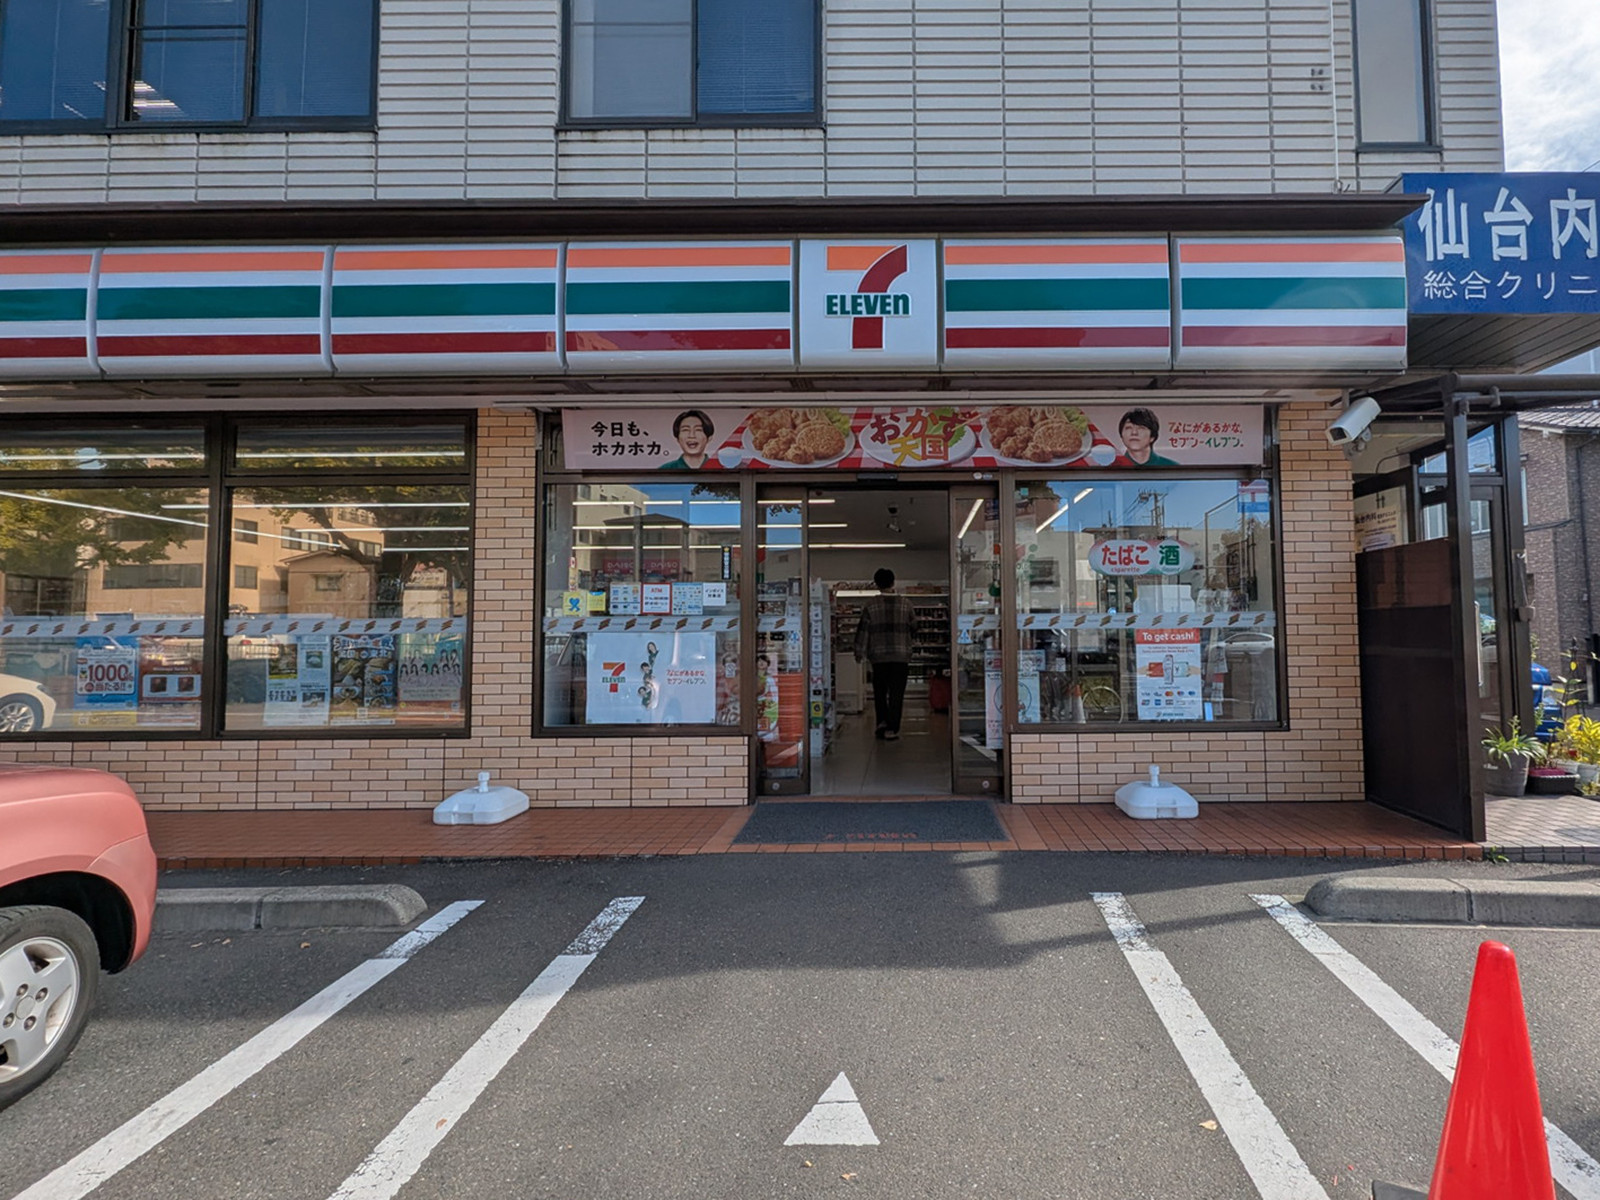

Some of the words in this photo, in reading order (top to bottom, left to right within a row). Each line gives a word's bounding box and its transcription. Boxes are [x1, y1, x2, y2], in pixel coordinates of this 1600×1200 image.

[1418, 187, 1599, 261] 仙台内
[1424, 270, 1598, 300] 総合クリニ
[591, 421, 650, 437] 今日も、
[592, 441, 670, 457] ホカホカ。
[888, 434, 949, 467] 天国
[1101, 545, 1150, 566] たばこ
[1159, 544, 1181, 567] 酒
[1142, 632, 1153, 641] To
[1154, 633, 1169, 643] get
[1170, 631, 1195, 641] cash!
* * *
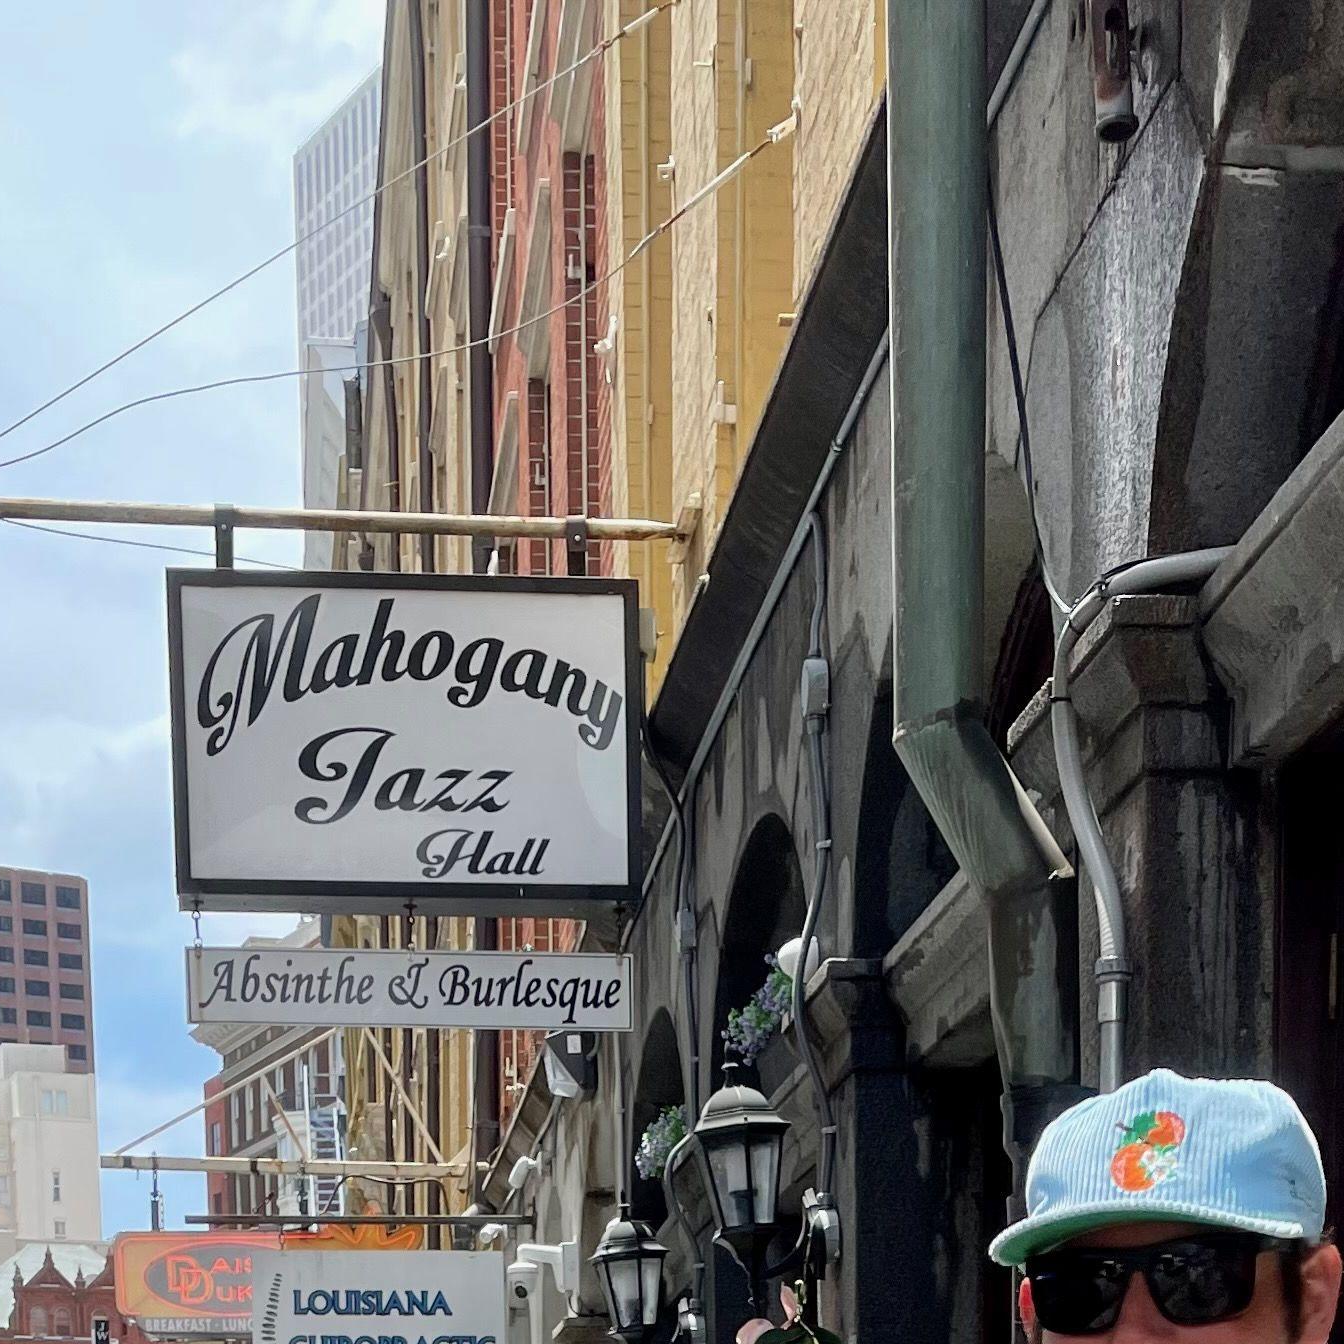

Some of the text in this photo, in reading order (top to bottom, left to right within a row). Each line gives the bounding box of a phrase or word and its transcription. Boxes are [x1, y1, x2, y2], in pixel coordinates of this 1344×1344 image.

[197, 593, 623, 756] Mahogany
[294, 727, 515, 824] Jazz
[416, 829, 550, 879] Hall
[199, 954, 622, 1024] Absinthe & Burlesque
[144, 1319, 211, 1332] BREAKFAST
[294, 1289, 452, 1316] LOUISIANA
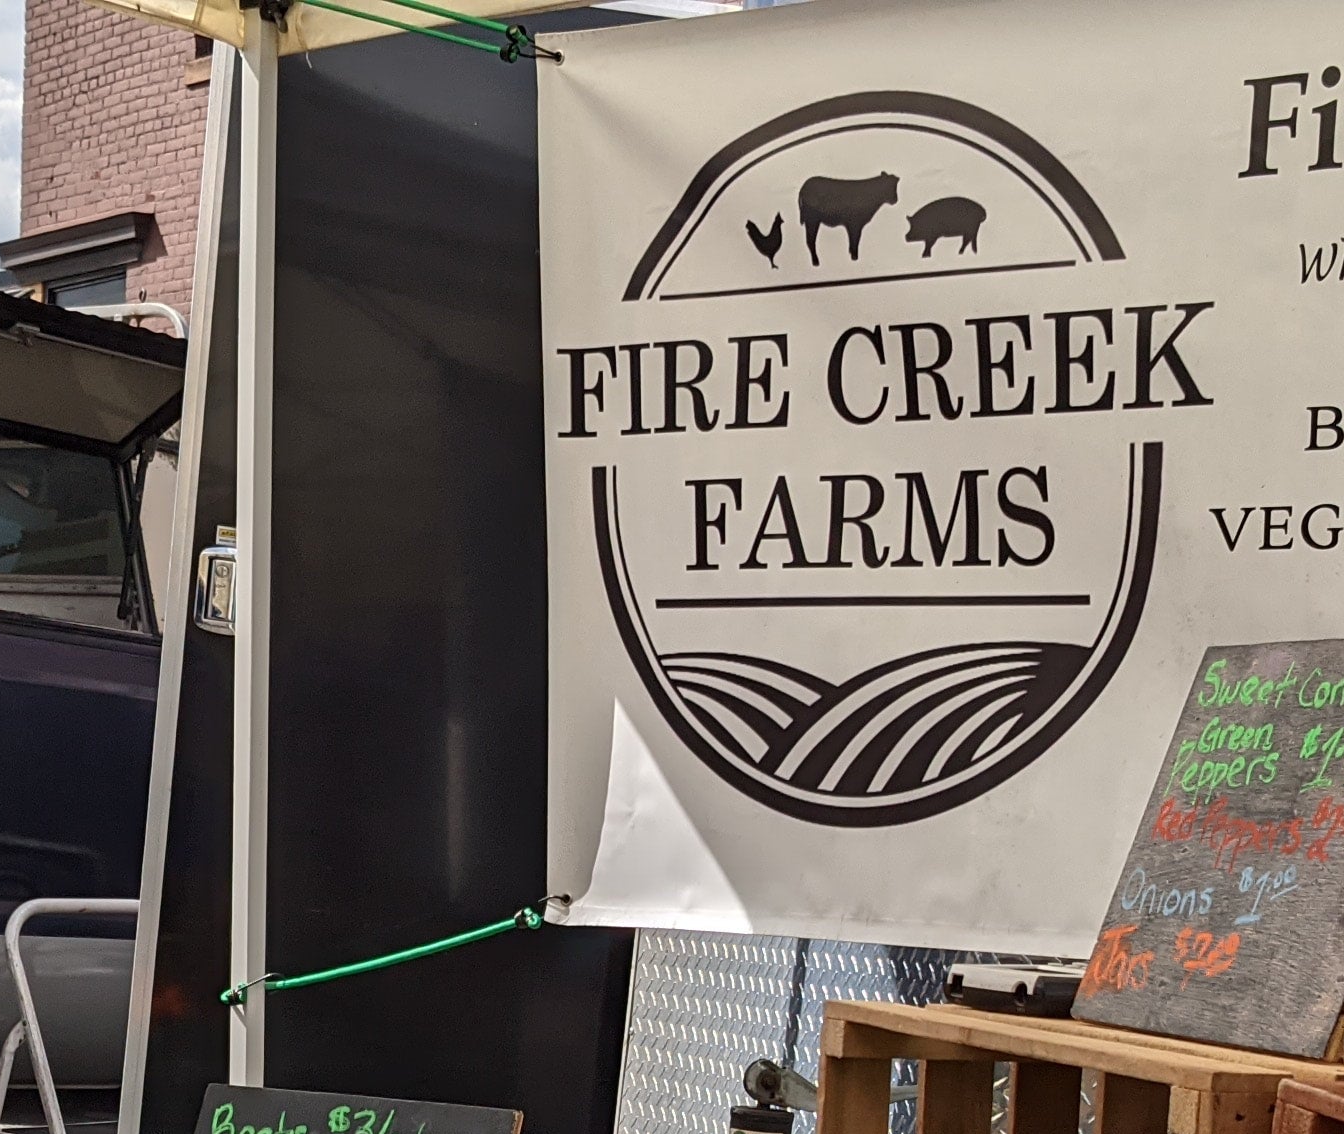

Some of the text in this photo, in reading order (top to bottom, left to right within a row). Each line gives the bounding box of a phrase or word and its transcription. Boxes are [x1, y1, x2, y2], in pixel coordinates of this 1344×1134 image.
...
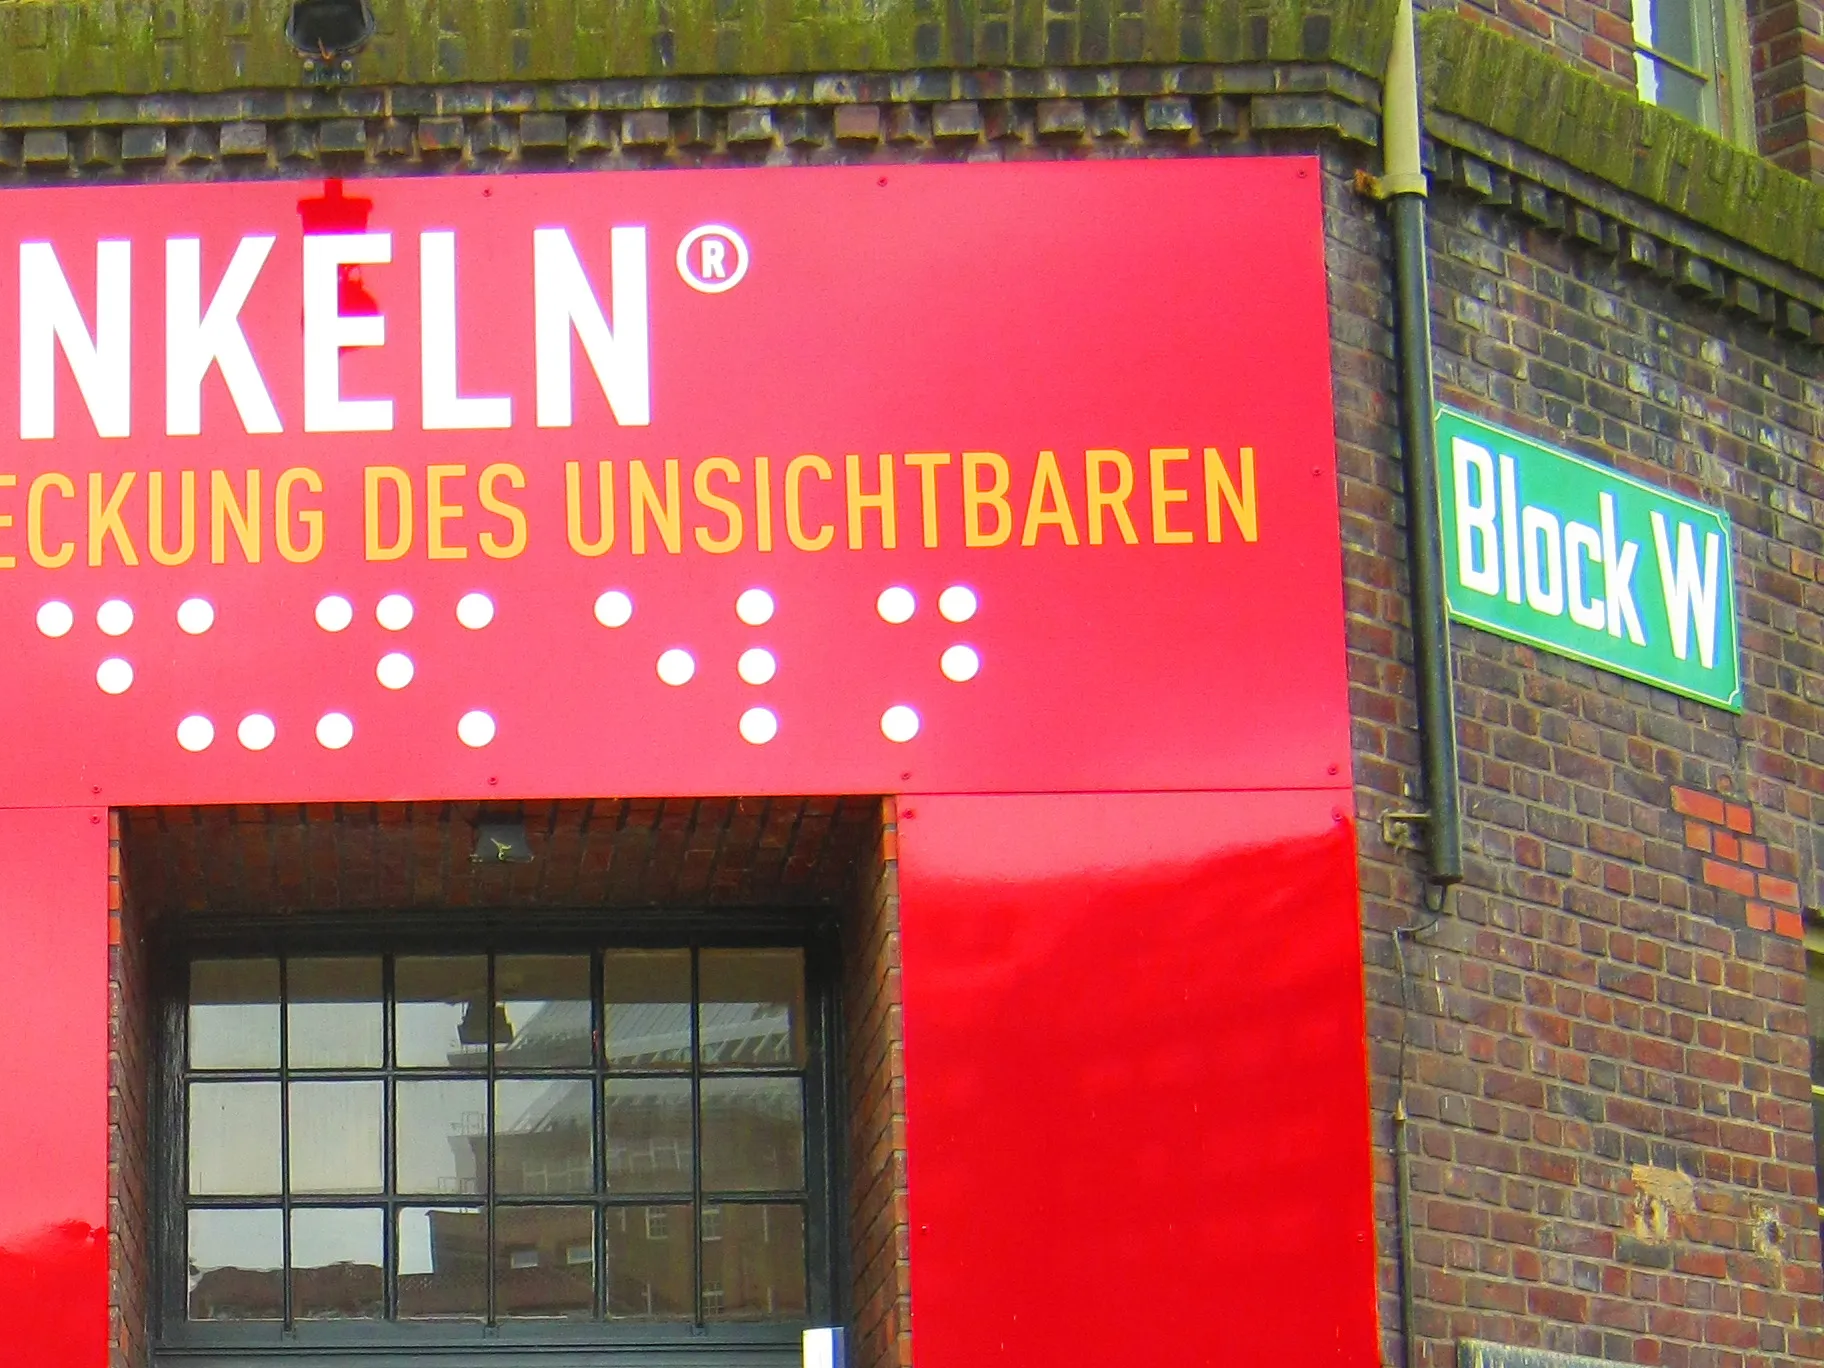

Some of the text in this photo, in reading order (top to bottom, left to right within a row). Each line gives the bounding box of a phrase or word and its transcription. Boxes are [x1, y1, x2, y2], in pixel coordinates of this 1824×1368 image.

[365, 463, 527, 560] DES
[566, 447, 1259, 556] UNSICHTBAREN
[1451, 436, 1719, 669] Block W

#### [DIRECTIONS FOR THIS TASK]
In the entries above, which lines run from the one with "this 1344×1344 image." up to and including the one with "this 1344×1134 image."? Write them out exactly, without the pictures.

#### [YOUR RESPONSE]
Some of the text in this photo, in reading order (top to bottom, left to right within a row). Each line gives the bounding box of a phrase or word and its transcription. Boxes are [x1, y1, x2, y2], in pixel coordinates of this 1344×1344 image.

[197, 593, 623, 756] Mahogany
[294, 727, 515, 824] Jazz
[416, 829, 550, 879] Hall
[199, 954, 622, 1024] Absinthe & Burlesque
[144, 1319, 211, 1332] BREAKFAST
[294, 1289, 452, 1316] LOUISIANA

Some of the text in this photo, in reading order (top to bottom, left to right within a row). Each line gives the bounding box of a phrase or word and its transcription. Boxes are [x1, y1, x2, y2], in pixel coordinates of this 1344×1134 image.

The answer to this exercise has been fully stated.